In his final year at UNO, to fulfill a language requirement, he took a course in French literature, leading him into a lifelong enthusiasm for the language.  He went on to get a Master of Arts degree in French Literature at Louisiana State University in 1967. 

He was granted a fellowship at Stanford University in California. While immersed in French literature at Stanford, with the goal of becoming a professor of French literature, he listened to groundbreaking Bay Area FM stations, including KPFA, KSAN, and KMPX which sharpened his interest in non-traditional radio stations.

At Stanford he received a French government fellowship, to study at the Center for Renaissance Studies in Tours, so he picked up for Europe. Midway through the year he received a check for $800 from Stanford, marked "Travel Grant," which he took as a mandate to buy a Triumph motorcycle. With his wife he roamed the Mediterranean, to Barcelona, Tangier, and Florence, before returning to Tours.  He then returned to the US, bringing the motorcycle with him.

Upon his return to Atherton, California, he bought a high-end receiver and was able to pick up KTAO near San Jose, which was being run as a non-commercial station, asking for listener donations. 

He said, "And they were playing the most exquisite music you’ve ever heard, it was like, Indian raga and Folkways, great banjo music, and bluegrass, and, and UNESCO's Barenreiter, shakuhachi music… when I was in Europe, I had been exposed to the Deutsche Rundfunk, to the ORTF, which is now Radio France, and BBC, and I thought, ‘Gee, you know, this is just incredible, you can hear all this great music, and great programming, and we don’t have anything like that in America.’"

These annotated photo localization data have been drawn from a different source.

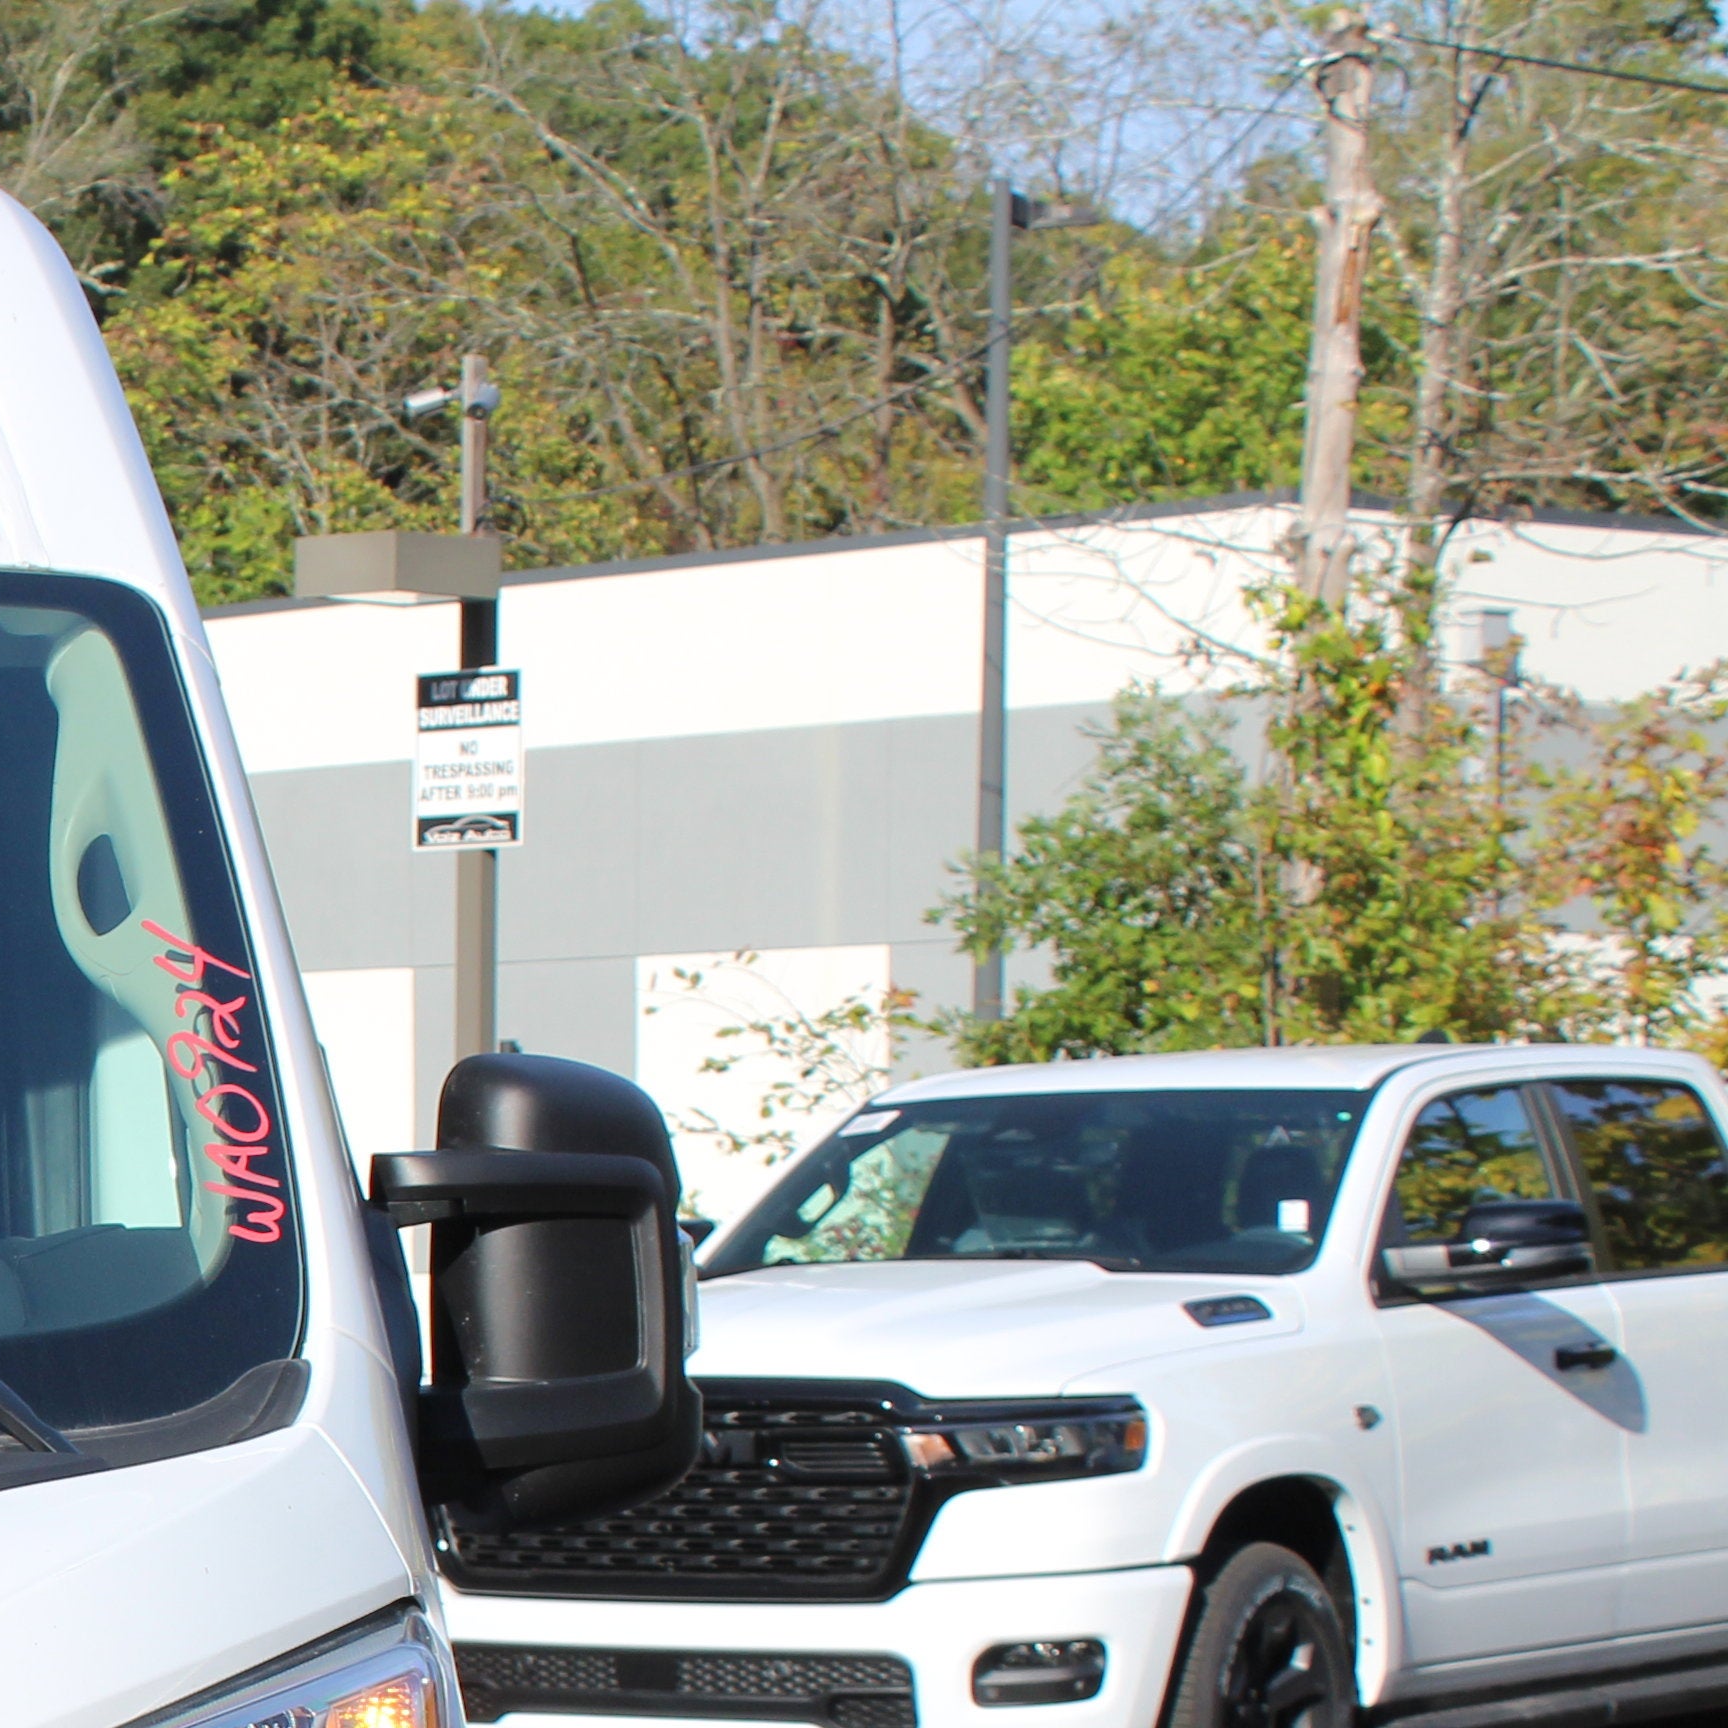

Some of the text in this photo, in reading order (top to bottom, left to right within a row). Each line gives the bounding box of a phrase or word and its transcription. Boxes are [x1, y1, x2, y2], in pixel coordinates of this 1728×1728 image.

[431, 676, 509, 701] LOT UNDER
[419, 701, 520, 728] SURVEILLANCE
[458, 740, 479, 757] NO
[423, 760, 514, 780] TRESPASSING
[420, 782, 519, 803] AFTER 9:00 pm
[1427, 1540, 1491, 1565] RAM

When David drove 45 miles to make a cash contribution to KTAO, he encountered the legendary Lorenzo Milam, who was running the station. Milam was a millionaire who pioneered community radio across America, founding KRAB in Seattle, KBOO in Portland, Ore., KDNA in St Louis, and others. 

In short order, David became a volunteer host on KTAO.

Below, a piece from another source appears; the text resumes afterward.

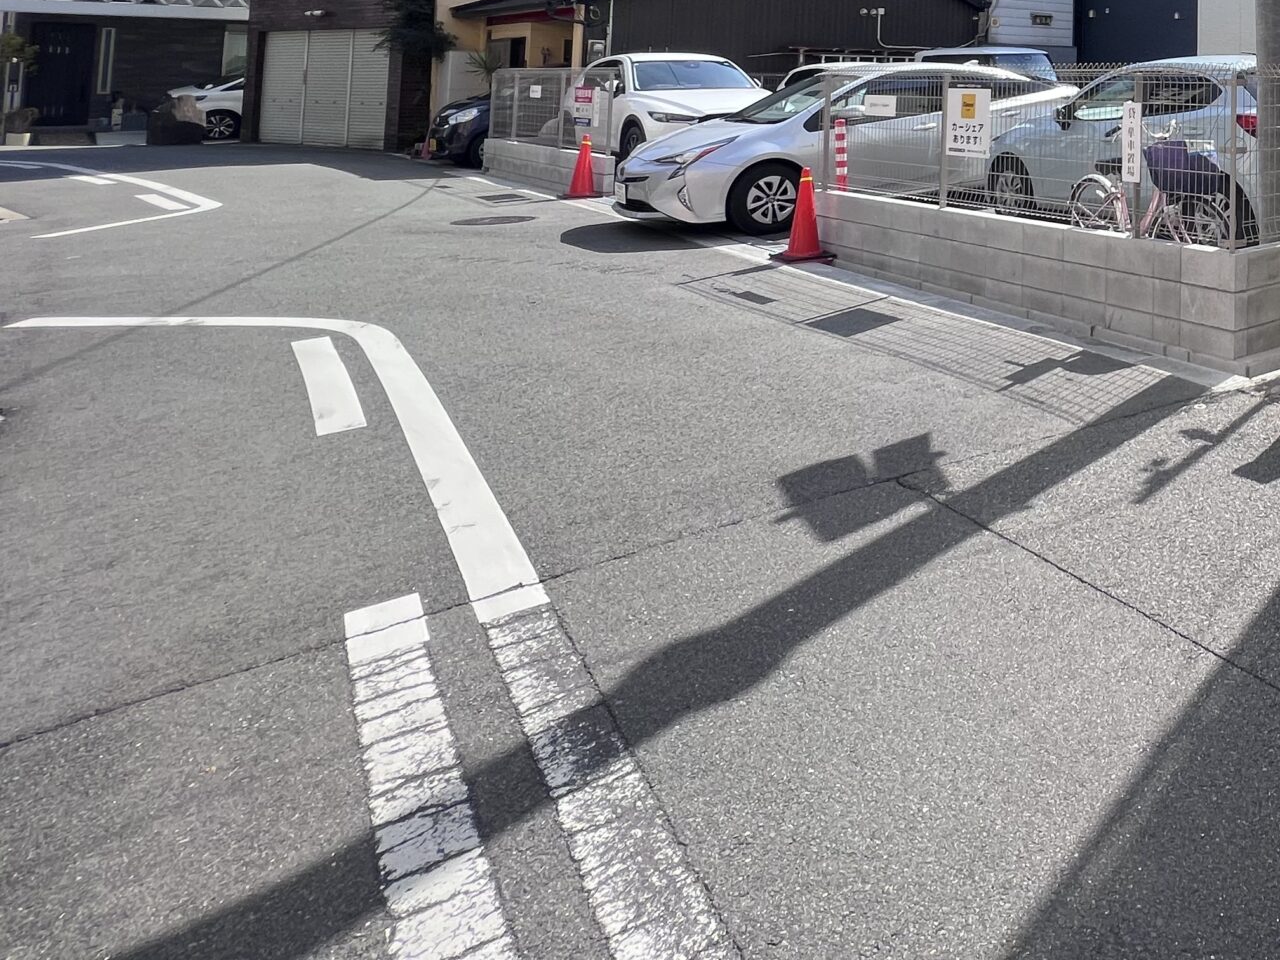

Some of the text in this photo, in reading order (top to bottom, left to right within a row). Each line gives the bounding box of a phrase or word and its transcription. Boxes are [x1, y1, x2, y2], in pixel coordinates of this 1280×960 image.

[951, 122, 984, 133] カーシェア
[952, 134, 983, 146] あります!

In 1972, when David was ready to defend his dissertation at Stanford and finish his PhD, his career turned in a new direction. David heard that Lorenzo had chosen him to start a new community radio station in Santa Cruz.  He hadn’t asked David yet, but he was certain he would say yes, and David did.  He never returned to Stanford to defend his dissertation.

Starting from a waterfront shack in Santa Cruz and operating on a shoestring, Freedman managed and grew KUSP over five years before moving on. The station remained on the air until 2016.

After leaving KUSP, David spent time in New York City in various jobs, including a stint as a taxi driver. He returned to New Orleans in the 1980s, and worked as a French teacher for a while, as well as at the STEP-UP! Job Training and Placement Program in the lower Ninth Ward.

David joined the board of the New Orleans Jazz & Heritage Foundation in 1991. He also joined the board of Friends of WWOZ in the early 1990s, leveraging his experience in both community radio and non-profits. In September of 1992 he was offered the position of General Manager at the station.


David is survived by a brother, Allen, in New Orleans, a sister, Barbara, in Montreal, and five nephews. David's second wife, Anne, passed in 2022.

Services will be held on Friday, June 14 starting at 1pm at New Beth Israel Cemetery (4400 Elysian Fields Ave.).

The Archive of the New Orleans Jazz & Heritage Foundation contributed to this obituary.